## Directions
Where the lines below hold images, skip those and copy every word exactly.

## Free-text object descriptions
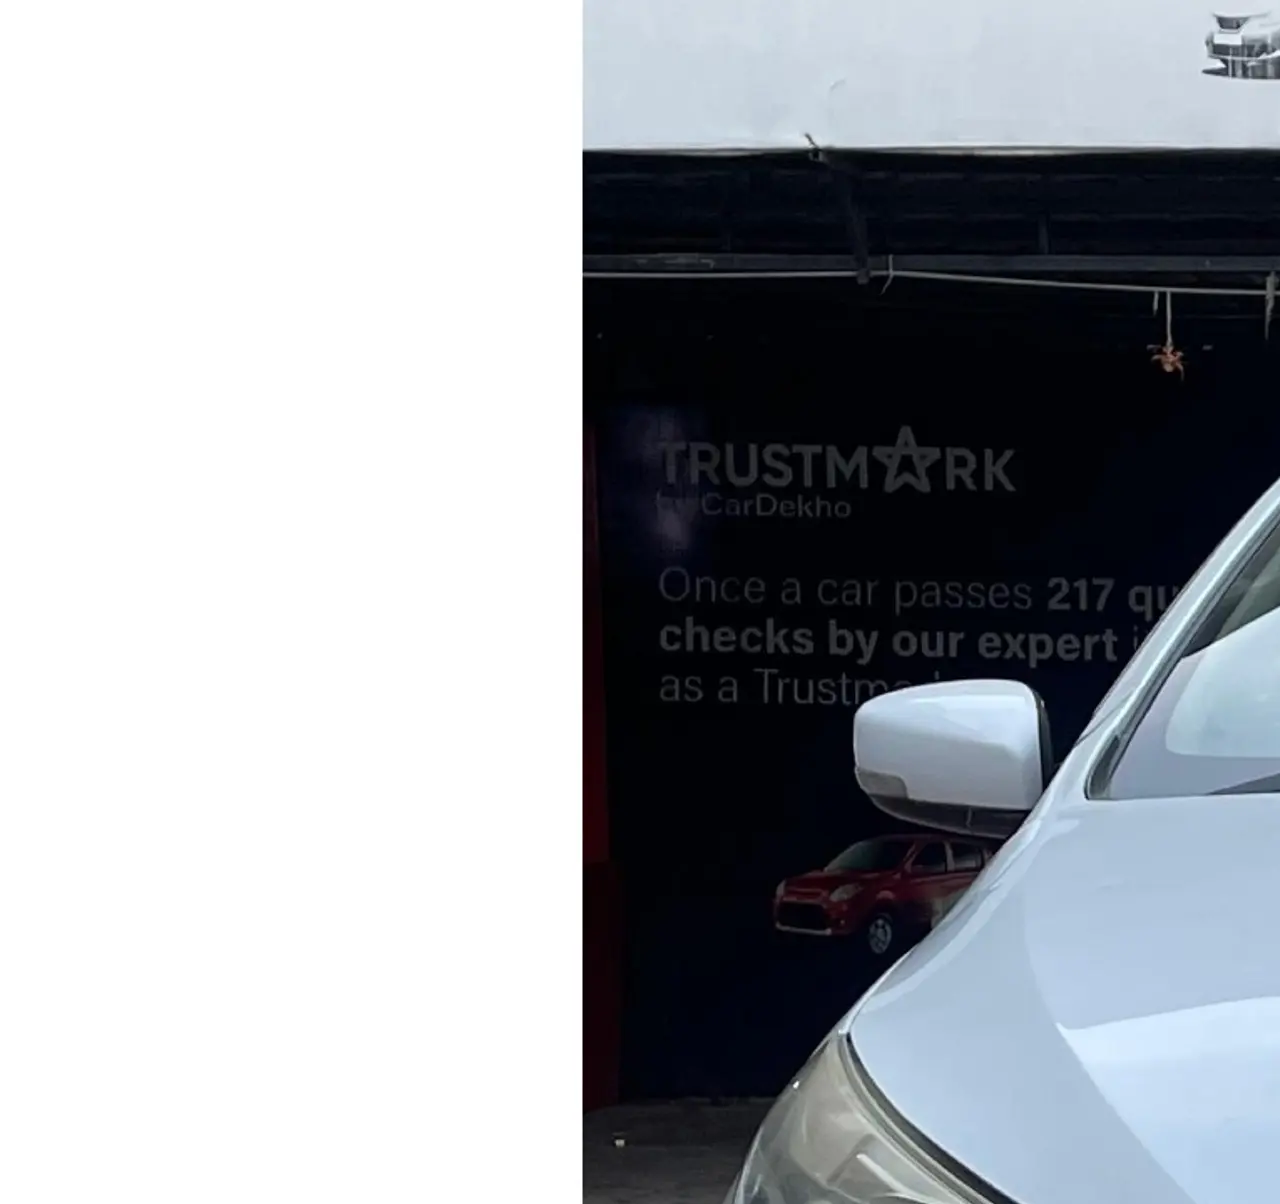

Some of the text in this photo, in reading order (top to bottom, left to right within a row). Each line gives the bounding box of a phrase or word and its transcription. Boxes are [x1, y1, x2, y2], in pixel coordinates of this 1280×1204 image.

[700, 491, 852, 519] CarDekho
[658, 565, 767, 603] Once
[780, 577, 802, 605] a
[817, 578, 880, 606] car
[894, 580, 1033, 616] passes
[1047, 577, 1116, 612] 217
[658, 615, 815, 655] checks
[828, 618, 879, 665] by
[891, 629, 966, 658] our
[977, 629, 1118, 668] expert
[658, 674, 704, 702] as
[717, 676, 739, 703] a
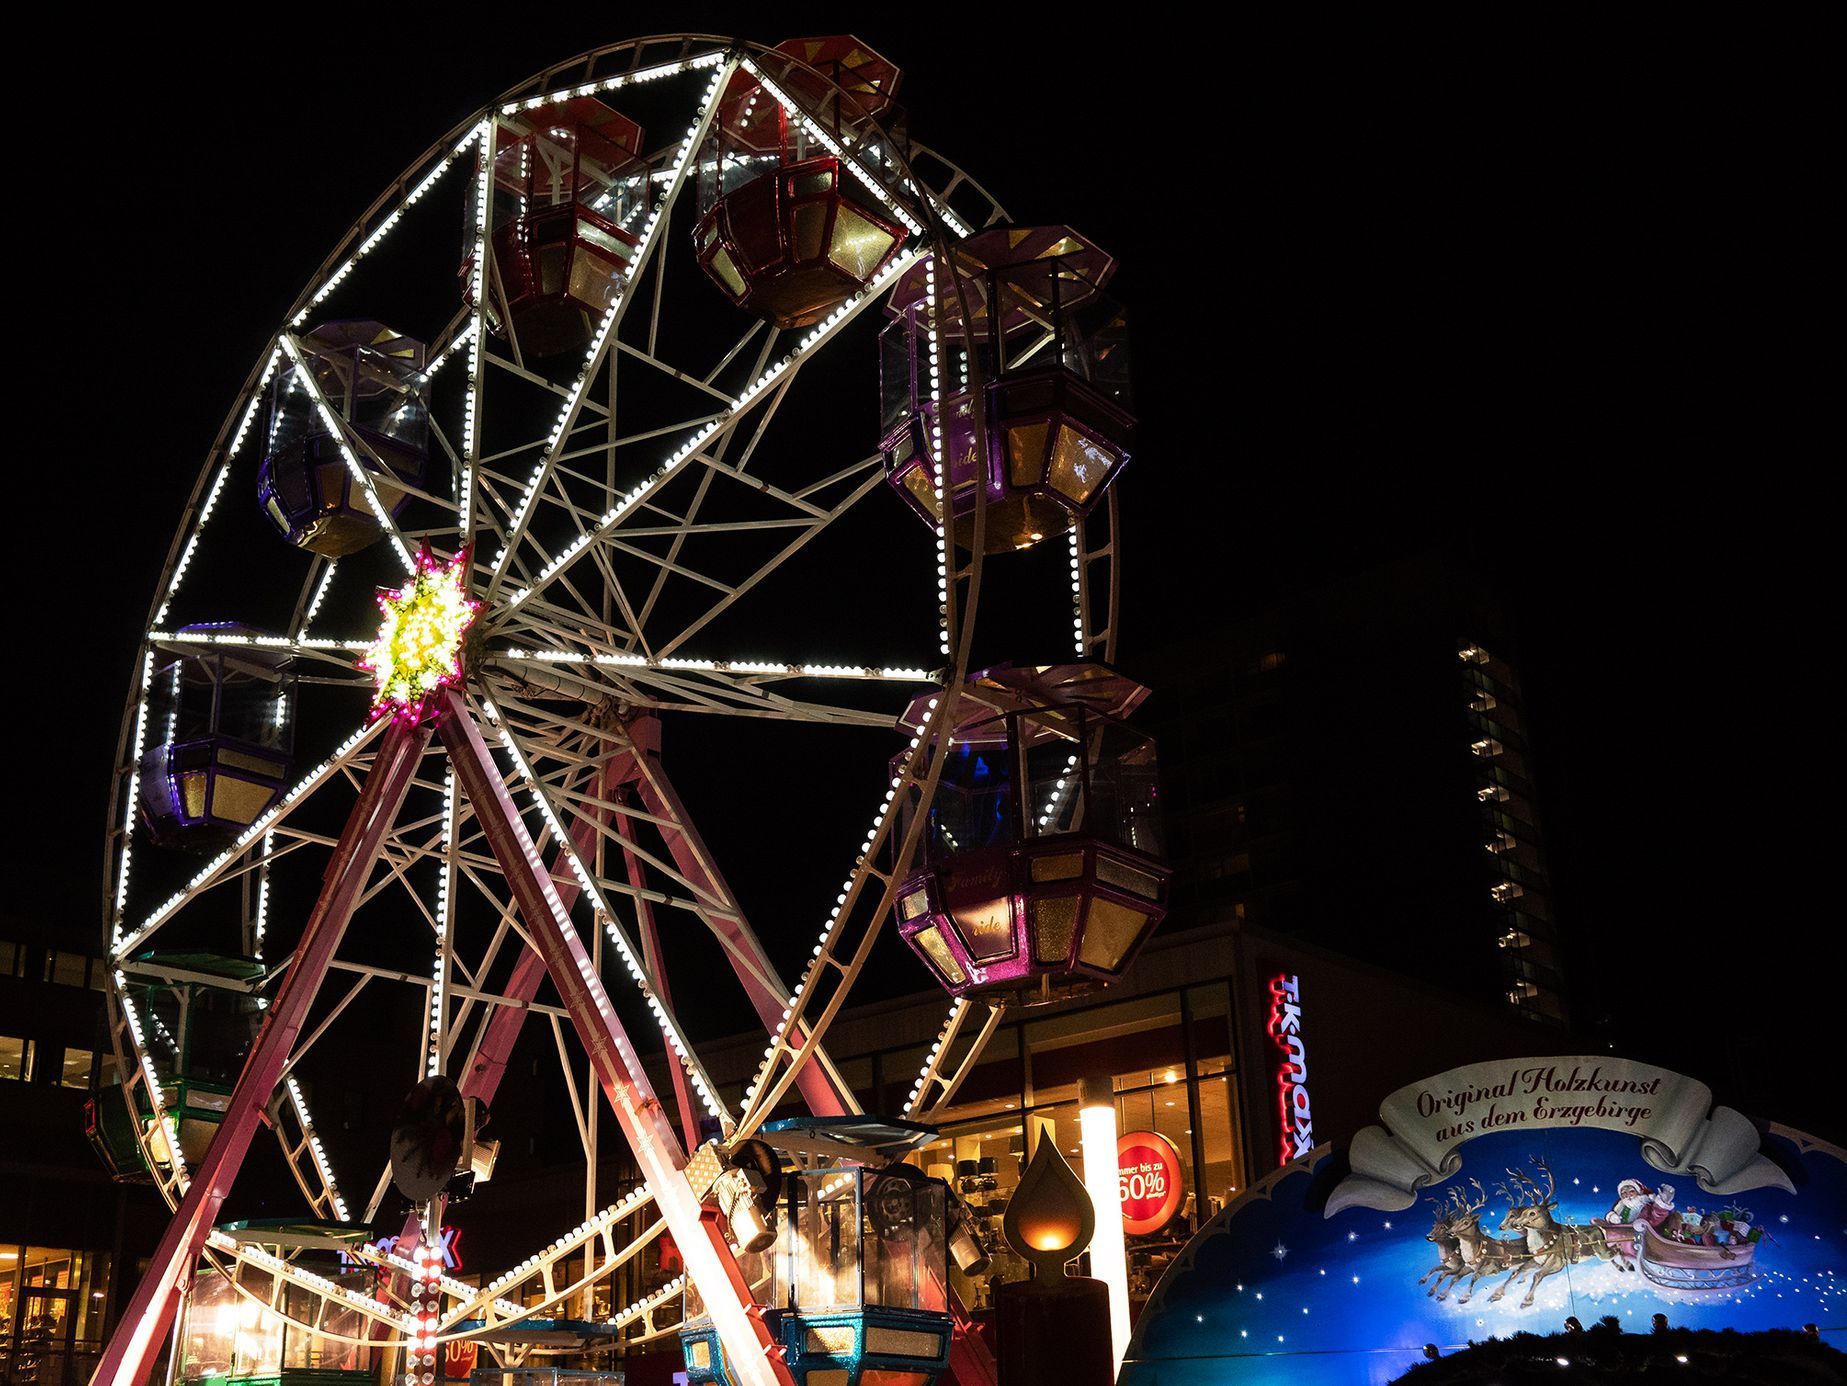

## Answer to this task
Some of the text in this photo, in reading order (top to bottom, left to right within a row). Each line gives the bounding box of a phrase or word and its transcription. Boxes are [x1, y1, x2, y2], in pixel coordinates of this 1280×1204 image.

[700, 491, 852, 519] CarDekho
[658, 565, 767, 603] Once
[780, 577, 802, 605] a
[817, 578, 880, 606] car
[894, 580, 1033, 616] passes
[1047, 577, 1116, 612] 217
[658, 615, 815, 655] checks
[828, 618, 879, 665] by
[891, 629, 966, 658] our
[977, 629, 1118, 668] expert
[658, 674, 704, 702] as
[717, 676, 739, 703] a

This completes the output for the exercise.